=== Problem to work on ===
Retype each entry exactly as written, and keep the pictures out of the copy.

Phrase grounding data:
=== Begin Enclosure ===
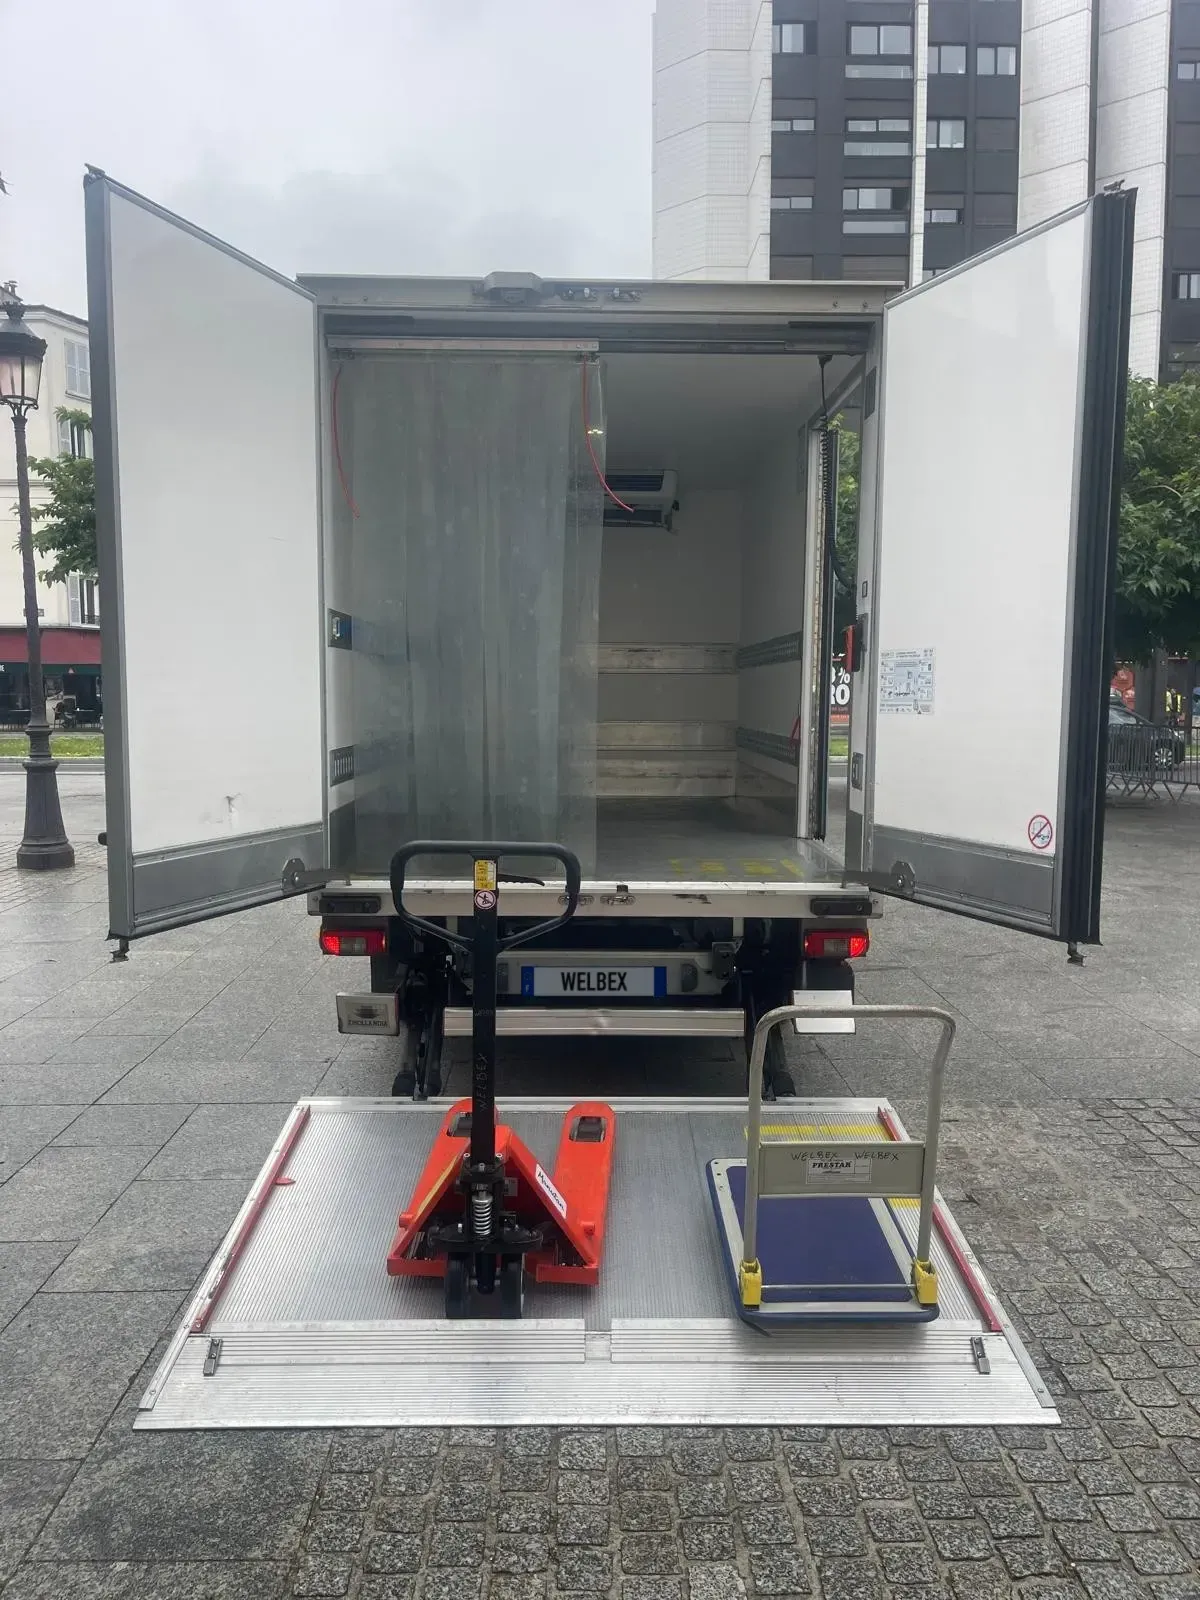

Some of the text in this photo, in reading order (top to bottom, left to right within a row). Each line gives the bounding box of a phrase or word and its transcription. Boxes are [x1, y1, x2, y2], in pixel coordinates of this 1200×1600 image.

[561, 972, 627, 991] WELBEX
[475, 1052, 489, 1112] WELBEX
[790, 1150, 900, 1162] WELBEX WELBEX
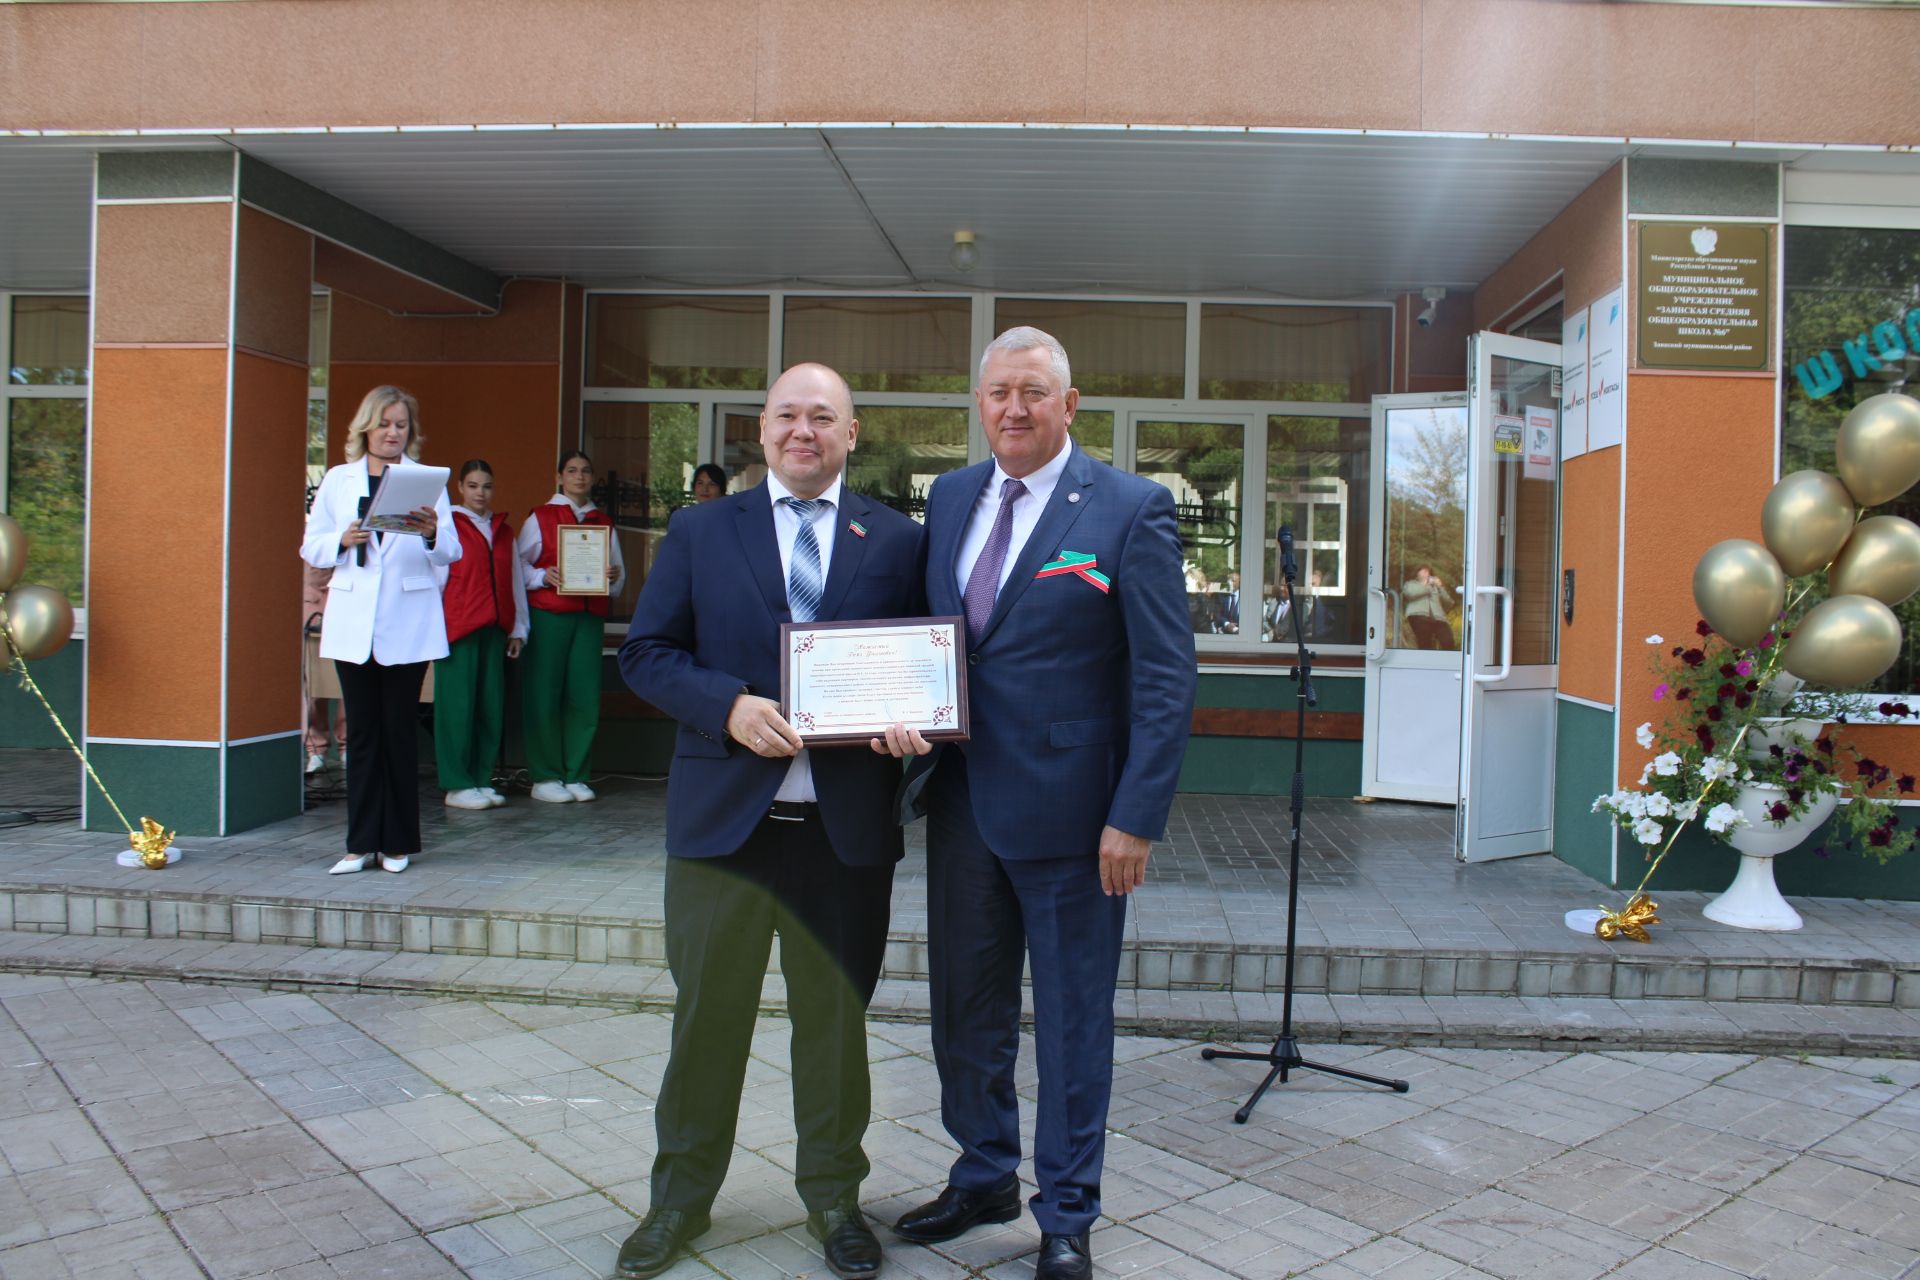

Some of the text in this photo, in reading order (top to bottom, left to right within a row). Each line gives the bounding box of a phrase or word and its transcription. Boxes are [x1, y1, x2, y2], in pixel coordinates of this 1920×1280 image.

[1663, 275, 1745, 285] МУНИЦИПАЛЬНОЕ
[1648, 285, 1759, 296] ОБЩЕОБРАЗОВАТЕЛЬНОЕ
[1673, 296, 1734, 305] УЧРЕЖДЕНИЕ
[1709, 307, 1750, 316] СРЕДНЯЯ
[1648, 316, 1758, 326] ОБЩЕОБРАЗОВАТЕЛЬНАЯ
[1678, 327, 1711, 336] ШКОЛА
=== End Enclosure ===
=== Written answer ===
Some of the text in this photo, in reading order (top to bottom, left to right within a row). Each line gives the bounding box of a phrase or word and its transcription. Boxes are [x1, y1, x2, y2], in pixel coordinates of this 1200×1600 image.

[561, 972, 627, 991] WELBEX
[475, 1052, 489, 1112] WELBEX
[790, 1150, 900, 1162] WELBEX WELBEX

Some of the text in this photo, in reading order (top to bottom, left to right within a row). Each line gives the bounding box of a phrase or word and its transcription. Boxes are [x1, y1, x2, y2], in pixel coordinates of this 1920×1280 image.

[1663, 275, 1745, 285] МУНИЦИПАЛЬНОЕ
[1648, 285, 1759, 296] ОБЩЕОБРАЗОВАТЕЛЬНОЕ
[1673, 296, 1734, 305] УЧРЕЖДЕНИЕ
[1709, 307, 1750, 316] СРЕДНЯЯ
[1648, 316, 1758, 326] ОБЩЕОБРАЗОВАТЕЛЬНАЯ
[1678, 327, 1711, 336] ШКОЛА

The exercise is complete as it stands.